New Capital Power Plant, Egypt


New Capital power plant

The 4,800MW New Capital power plant is being developed by Cairo Electricity Production Company (CEPC), a subsidiary of the Egyptian Electricity Holding Company (EEHC).

The new combined-cycle power plant (CCPP) will be located in the proposed new capital of Egypt, approximately 45km east of Cairo. It is scheduled to become fully operational in the first half of 2018.

The plant will significantly increase Egypt's electricity generation capacity, while contributing to the national economic development.

Project background

The New Capital power plant project is being executed by EEHC as part of the Egypt Megaproject, which involves the development of three 4.8GW natural gas-fired CCPPs and up to 12 wind farms with a combined capacity of 16.4GW by Siemens and the Government of Egypt.

Siemens was awarded multiple contracts worth €8bn ($8.94bn) for the development of the Egyptian power generation facilities in June 2015. The contracts extend the memorandums of understanding (MOUs) signed during the 2015 Egypt Economic Development Conference (EEDC) held in Sharm El Sheik.

Siemens preferred Orascom Construction as its engineering, procurement and construction (EPC) partner to supply the power plant on turnkey basis.

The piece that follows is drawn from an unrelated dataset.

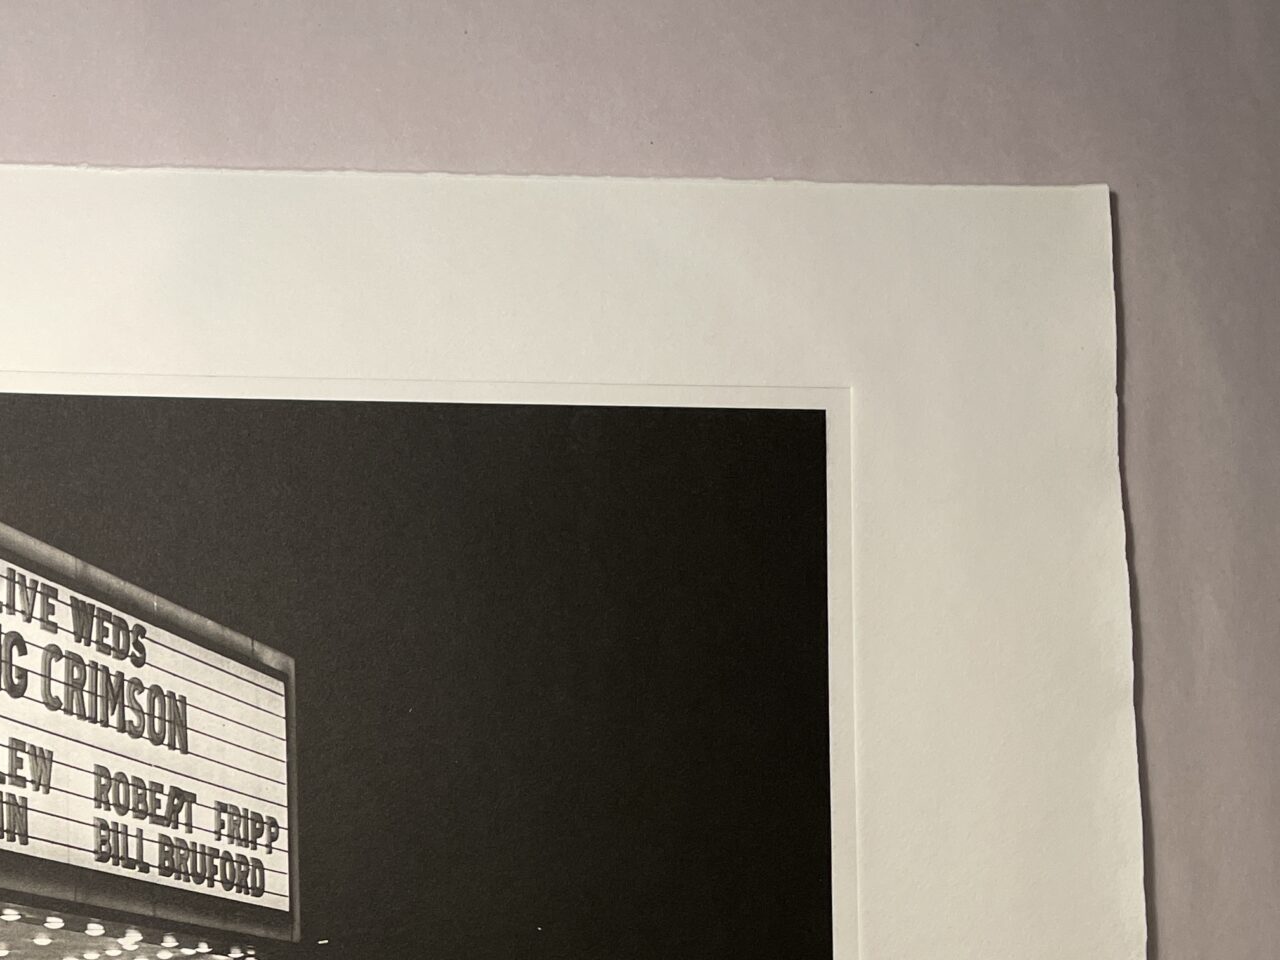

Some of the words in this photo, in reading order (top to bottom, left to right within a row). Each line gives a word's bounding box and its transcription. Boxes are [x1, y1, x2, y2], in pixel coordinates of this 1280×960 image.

New Capital power plant make-up

The project site of the power plant will extend over an area of 744,811m². The plant will integrate eight Siemens SGT5-8000H high-efficiency combustion turbine generators (CTGs), eight Benson heat recovery steam generators (HRSGs), four SST-5000 steam turbine generators (STGs) and four air-cooled condensers. Each combined-cycle module will have a rated capacity of 1,200MWe.

The balance of plant (BOP) systems will include a diesel generator, transformers and switchgear as well as associated mechanical / electrical subsystems. The dual-fuel plant will use natural gas as primary fuel and light fuel oil as a back-up fuel. It will receive natural gas from a new underground connection pipeline, while light fuel oil will be supplied by trucks from Musturod or Helwan oil refineries.

A water treatment facility will be built on the site to supply potable water for the power plant. The project will also integrate a wastewater treatment facility to treat liquid waste generated by the power plant. Other ancillary infrastructure includes a logistics building, gas handling facilities, fuel feeding system, fire-fighting facilities, ventilation and air-conditioning systems, a chemical laboratory, and communication systems.

Grid connection

"Siemens was awarded multiple contracts worth €8bn ($8.94bn) for the development of the Egyptian power generation facilities in June 2015."

The power generated by the New Capital power plant will be transmitted to the Egyptian Electricity Transmission Company (EETC) electricity network via new overhead transmission lines.

The low-voltage power produced by the plant will be stepped up by main transformers before being fed into the 500kV grid network through a new substation with gas-insulated switchgear (GIS).

Key players involved

Siemens along with its consortium partner Orascom Construction is responsible to provide engineering, procurement and construction services for the power plant.

Orascom Construction subcontracted Power Generation Engineering & Services Company (PGESCo) to deliver detailed design for BOP systems, civil designs, procurement support, construction management and commissioning services for the plant in August 2015.

Financing for the New Capital power plant

The power plant is estimated to cost €2bn ($2.23bn), of which Orascom Construction's combined share of the deal is worth €1.6bn ($1.78bn). The company, on behalf of EEHC, staged a 15-year funding package for its share.

Siemens achieved financial closure for the project in March 2016. The funding scheme for Siemens' part of the deal was structured by Siemens Financial Services (SFS).

Deutsche Bank, HSBC and KfW IPEX-Bank arranged the Hermes-covered loan for the project. The loan is being financed by a consortium of 17 international banks.